Fade Out

As the tape format dies, rewind those memories


| July-August 2006


I held the deadly object in my hand with fascination as I committed my first crime at 9 years old. Holding a bulky tape recorder up to a speaker to capture a Van Halen marathon on local radio, I unknowingly placed myself in the middle of a decades-old format war. More important than a tinny copy of “Hot for Teacher” alone suggests, this battle had far-reaching effects for both consumer freedom and how art is made.

Now effectively useless, the cassette became the first technology since radio to challenge—with its appealing openness, cheapness, and portability—music companies’ control. By giving listeners the ability to copy and share music, tape not only entered a copyright debate that still rages, but also became a way for an entire generation to express friendship, cultural affinity, and even love.

Tape wasn’t the first home recording technology. Thomas Edison’s wax cylinder phonograph could record, but the process was unwieldy, and it was soon supplanted by Emile Berliner’s gramophone, whose flat, round discs counterintuitively crushed the music experience into a one-way relationship. That is, until the 1950s and the rise of tape.

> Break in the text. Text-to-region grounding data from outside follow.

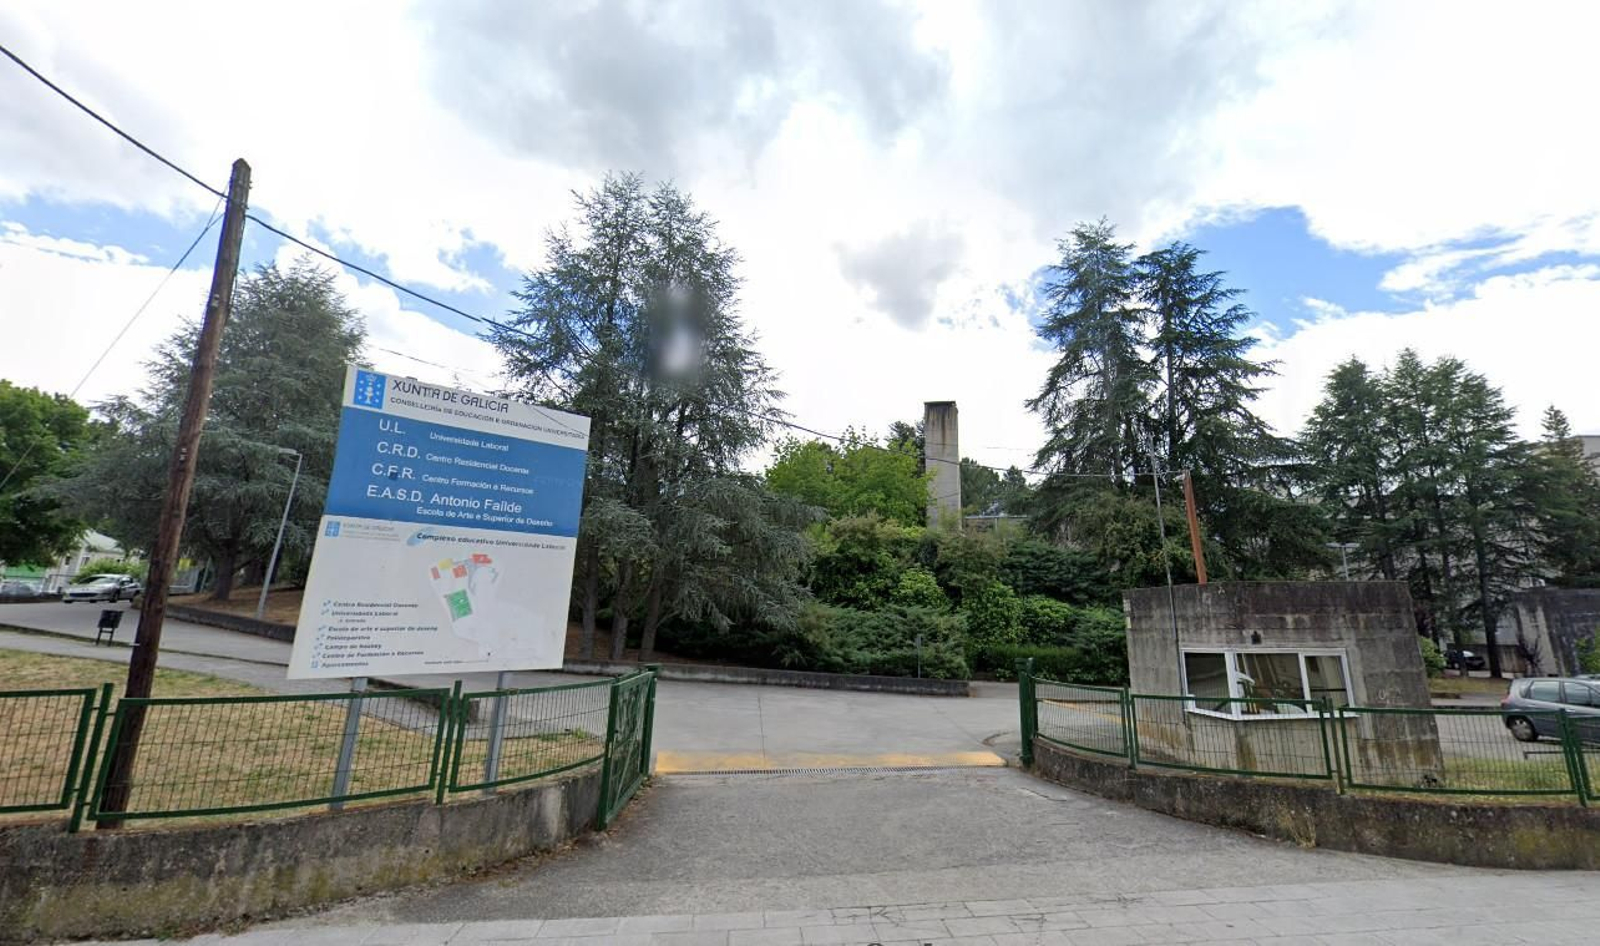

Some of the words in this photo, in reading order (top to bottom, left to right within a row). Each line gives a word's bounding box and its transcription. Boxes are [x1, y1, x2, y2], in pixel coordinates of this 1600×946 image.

[391, 380, 440, 400] XUNTA
[443, 390, 457, 403] DE
[461, 394, 509, 414] GALICIA
[379, 419, 406, 435] U.L.
[429, 431, 479, 447] Universidade
[481, 440, 509, 451] Laboral
[376, 441, 421, 459] C.R.D.
[425, 453, 452, 464] Centro
[454, 457, 499, 470] Residencial
[500, 464, 530, 474] Docente
[371, 463, 416, 480] C.F.R.
[422, 474, 449, 485] Centro
[500, 484, 534, 495] Recursos
[366, 484, 425, 503] E.A.S.D.
[429, 493, 481, 509] Antonio
[416, 507, 444, 517] Escola
[446, 510, 456, 518] de
[457, 511, 474, 520] Arte
[482, 514, 513, 525] Superior
[515, 516, 525, 525] de
[416, 532, 457, 543] Complexo
[457, 536, 495, 546] educativo
[495, 539, 541, 550] Universidade

When companies began marketing reel-to-reel recorders that used ferric oxide bonded to plastic tape, it didn’t make an immediate impact on consumers. As is the case with many new technologies, artists first realized the potential. Composer Edgar Varse once declared that he longed “for instruments obedient to my thought and whim, with their contribution of a whole new world of unsuspected sounds, which will lend themselves to the exigencies of my inner rhythm.” Varse found that instrument in tactile, easily edited, and instantly playable tape, and he would incorporate sound collages into his groundbreaking 1954 composition Deserts. His work would influence composers John Cage and Steve Reich and pop acts such as the Beatles.

“Tape used to mean a lot to me,” says Roger Miller of postpunk icons Mission of Burma, a band that used loops during early performances. “The price of quarter-inch tape made it a functional way to document my music and discover new sounds.”

As a popular format, reel-to-reel recorders never succeeded the way cassettes eventually would. Unlike the luxury “hi-fi” units associated with vinyl, cassette players were inexpensive and portable. By the mid ‘70s, the music industry began to notice that sales of cassettes had begun to outstrip the LP. Something in our relationship to music was reasserting itself.